▶ Exercise requirements
Type out the entries again, keeping every word unchanged.

○ ○ ○ ○ ○

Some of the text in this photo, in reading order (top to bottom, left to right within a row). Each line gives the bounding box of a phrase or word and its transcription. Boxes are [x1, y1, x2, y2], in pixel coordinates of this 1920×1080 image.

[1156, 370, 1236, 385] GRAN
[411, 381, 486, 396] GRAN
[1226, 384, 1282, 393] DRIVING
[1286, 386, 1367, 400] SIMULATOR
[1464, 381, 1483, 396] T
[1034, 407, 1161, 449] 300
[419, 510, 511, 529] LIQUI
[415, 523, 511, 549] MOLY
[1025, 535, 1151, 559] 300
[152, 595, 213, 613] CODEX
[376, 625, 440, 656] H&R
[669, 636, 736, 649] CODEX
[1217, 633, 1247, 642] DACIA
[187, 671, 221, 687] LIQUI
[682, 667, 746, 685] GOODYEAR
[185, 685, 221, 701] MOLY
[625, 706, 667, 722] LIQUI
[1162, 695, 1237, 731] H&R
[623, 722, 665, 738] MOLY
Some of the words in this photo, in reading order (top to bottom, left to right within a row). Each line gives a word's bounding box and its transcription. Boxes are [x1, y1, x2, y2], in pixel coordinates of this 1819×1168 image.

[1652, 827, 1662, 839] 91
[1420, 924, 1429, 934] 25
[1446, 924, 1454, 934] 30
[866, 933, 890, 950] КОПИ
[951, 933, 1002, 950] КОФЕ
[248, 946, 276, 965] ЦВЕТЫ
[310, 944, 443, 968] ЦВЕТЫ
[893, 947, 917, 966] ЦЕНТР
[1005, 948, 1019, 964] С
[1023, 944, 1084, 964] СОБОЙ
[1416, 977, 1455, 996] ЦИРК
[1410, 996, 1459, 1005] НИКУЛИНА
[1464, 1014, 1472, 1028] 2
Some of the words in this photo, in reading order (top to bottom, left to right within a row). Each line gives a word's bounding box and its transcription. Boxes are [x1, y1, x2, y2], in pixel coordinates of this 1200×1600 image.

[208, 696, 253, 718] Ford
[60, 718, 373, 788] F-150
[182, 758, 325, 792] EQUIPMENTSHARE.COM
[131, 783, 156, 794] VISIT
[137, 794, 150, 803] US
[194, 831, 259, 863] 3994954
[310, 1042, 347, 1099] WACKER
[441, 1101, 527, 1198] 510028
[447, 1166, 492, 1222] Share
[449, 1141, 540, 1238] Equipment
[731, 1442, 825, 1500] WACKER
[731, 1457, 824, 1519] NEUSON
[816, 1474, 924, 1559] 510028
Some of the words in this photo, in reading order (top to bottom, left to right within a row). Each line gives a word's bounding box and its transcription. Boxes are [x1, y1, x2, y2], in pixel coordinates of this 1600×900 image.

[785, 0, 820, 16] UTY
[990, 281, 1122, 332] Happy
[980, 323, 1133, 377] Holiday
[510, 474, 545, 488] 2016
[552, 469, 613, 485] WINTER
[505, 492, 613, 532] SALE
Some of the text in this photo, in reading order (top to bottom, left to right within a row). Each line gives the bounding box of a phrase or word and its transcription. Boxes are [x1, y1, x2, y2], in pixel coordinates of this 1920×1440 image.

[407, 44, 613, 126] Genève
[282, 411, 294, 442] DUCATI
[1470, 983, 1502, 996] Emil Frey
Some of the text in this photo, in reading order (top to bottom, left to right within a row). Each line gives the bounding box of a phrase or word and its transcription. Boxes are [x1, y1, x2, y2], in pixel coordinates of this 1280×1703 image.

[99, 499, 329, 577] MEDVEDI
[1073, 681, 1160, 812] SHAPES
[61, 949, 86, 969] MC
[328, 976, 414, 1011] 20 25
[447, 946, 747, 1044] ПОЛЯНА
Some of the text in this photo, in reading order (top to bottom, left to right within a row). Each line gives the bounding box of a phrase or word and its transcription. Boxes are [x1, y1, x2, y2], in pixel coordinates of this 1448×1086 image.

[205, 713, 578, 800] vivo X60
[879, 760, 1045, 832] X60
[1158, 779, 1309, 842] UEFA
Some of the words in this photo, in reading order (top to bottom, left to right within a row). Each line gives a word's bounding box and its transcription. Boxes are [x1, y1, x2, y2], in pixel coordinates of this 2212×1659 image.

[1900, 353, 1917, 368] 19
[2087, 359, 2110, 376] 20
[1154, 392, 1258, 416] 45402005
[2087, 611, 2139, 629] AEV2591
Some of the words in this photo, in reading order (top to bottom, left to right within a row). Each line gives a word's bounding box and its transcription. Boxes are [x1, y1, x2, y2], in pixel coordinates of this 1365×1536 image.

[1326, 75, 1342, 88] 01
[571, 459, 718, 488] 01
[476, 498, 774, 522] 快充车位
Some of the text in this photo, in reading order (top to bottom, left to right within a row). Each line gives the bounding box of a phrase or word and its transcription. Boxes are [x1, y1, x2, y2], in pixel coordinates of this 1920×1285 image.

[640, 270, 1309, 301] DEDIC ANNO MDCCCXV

○ ○ ○ ○ ○

▶ Expected output
Some of the text in this photo, in reading order (top to bottom, left to right within a row). Each line gives the bounding box of a phrase or word and its transcription. Boxes are [x1, y1, x2, y2], in pixel coordinates of this 1920×1080 image.

[1156, 370, 1236, 385] GRAN
[411, 381, 486, 396] GRAN
[1226, 384, 1282, 393] DRIVING
[1286, 386, 1367, 400] SIMULATOR
[1464, 381, 1483, 396] T
[1034, 407, 1161, 449] 300
[419, 510, 511, 529] LIQUI
[415, 523, 511, 549] MOLY
[1025, 535, 1151, 559] 300
[152, 595, 213, 613] CODEX
[376, 625, 440, 656] H&R
[669, 636, 736, 649] CODEX
[1217, 633, 1247, 642] DACIA
[187, 671, 221, 687] LIQUI
[682, 667, 746, 685] GOODYEAR
[185, 685, 221, 701] MOLY
[625, 706, 667, 722] LIQUI
[1162, 695, 1237, 731] H&R
[623, 722, 665, 738] MOLY
Some of the words in this photo, in reading order (top to bottom, left to right within a row). Each line gives a word's bounding box and its transcription. Boxes are [x1, y1, x2, y2], in pixel coordinates of this 1819×1168 image.

[1652, 827, 1662, 839] 91
[1420, 924, 1429, 934] 25
[1446, 924, 1454, 934] 30
[866, 933, 890, 950] КОПИ
[951, 933, 1002, 950] КОФЕ
[248, 946, 276, 965] ЦВЕТЫ
[310, 944, 443, 968] ЦВЕТЫ
[893, 947, 917, 966] ЦЕНТР
[1005, 948, 1019, 964] С
[1023, 944, 1084, 964] СОБОЙ
[1416, 977, 1455, 996] ЦИРК
[1410, 996, 1459, 1005] НИКУЛИНА
[1464, 1014, 1472, 1028] 2
Some of the words in this photo, in reading order (top to bottom, left to right within a row). Each line gives a word's bounding box and its transcription. Boxes are [x1, y1, x2, y2], in pixel coordinates of this 1200×1600 image.

[208, 696, 253, 718] Ford
[60, 718, 373, 788] F-150
[182, 758, 325, 792] EQUIPMENTSHARE.COM
[131, 783, 156, 794] VISIT
[137, 794, 150, 803] US
[194, 831, 259, 863] 3994954
[310, 1042, 347, 1099] WACKER
[441, 1101, 527, 1198] 510028
[447, 1166, 492, 1222] Share
[449, 1141, 540, 1238] Equipment
[731, 1442, 825, 1500] WACKER
[731, 1457, 824, 1519] NEUSON
[816, 1474, 924, 1559] 510028
Some of the words in this photo, in reading order (top to bottom, left to right within a row). Each line gives a word's bounding box and its transcription. Boxes are [x1, y1, x2, y2], in pixel coordinates of this 1600×900 image.

[785, 0, 820, 16] UTY
[990, 281, 1122, 332] Happy
[980, 323, 1133, 377] Holiday
[510, 474, 545, 488] 2016
[552, 469, 613, 485] WINTER
[505, 492, 613, 532] SALE
Some of the text in this photo, in reading order (top to bottom, left to right within a row). Each line gives the bounding box of a phrase or word and its transcription. Boxes are [x1, y1, x2, y2], in pixel coordinates of this 1920×1440 image.

[407, 44, 613, 126] Genève
[282, 411, 294, 442] DUCATI
[1470, 983, 1502, 996] Emil Frey
Some of the text in this photo, in reading order (top to bottom, left to right within a row). Each line gives the bounding box of a phrase or word and its transcription. Boxes are [x1, y1, x2, y2], in pixel coordinates of this 1280×1703 image.

[99, 499, 329, 577] MEDVEDI
[1073, 681, 1160, 812] SHAPES
[61, 949, 86, 969] MC
[328, 976, 414, 1011] 20 25
[447, 946, 747, 1044] ПОЛЯНА
Some of the text in this photo, in reading order (top to bottom, left to right within a row). Each line gives the bounding box of a phrase or word and its transcription. Boxes are [x1, y1, x2, y2], in pixel coordinates of this 1448×1086 image.

[205, 713, 578, 800] vivo X60
[879, 760, 1045, 832] X60
[1158, 779, 1309, 842] UEFA
Some of the words in this photo, in reading order (top to bottom, left to right within a row). Each line gives a word's bounding box and its transcription. Boxes are [x1, y1, x2, y2], in pixel coordinates of this 2212×1659 image.

[1900, 353, 1917, 368] 19
[2087, 359, 2110, 376] 20
[1154, 392, 1258, 416] 45402005
[2087, 611, 2139, 629] AEV2591
Some of the words in this photo, in reading order (top to bottom, left to right within a row). Each line gives a word's bounding box and its transcription. Boxes are [x1, y1, x2, y2], in pixel coordinates of this 1365×1536 image.

[1326, 75, 1342, 88] 01
[571, 459, 718, 488] 01
[476, 498, 774, 522] 快充车位
Some of the text in this photo, in reading order (top to bottom, left to right within a row). Each line gives the bounding box of a phrase or word and its transcription. Boxes are [x1, y1, x2, y2], in pixel coordinates of this 1920×1285 image.

[640, 270, 1309, 301] DEDIC ANNO MDCCCXV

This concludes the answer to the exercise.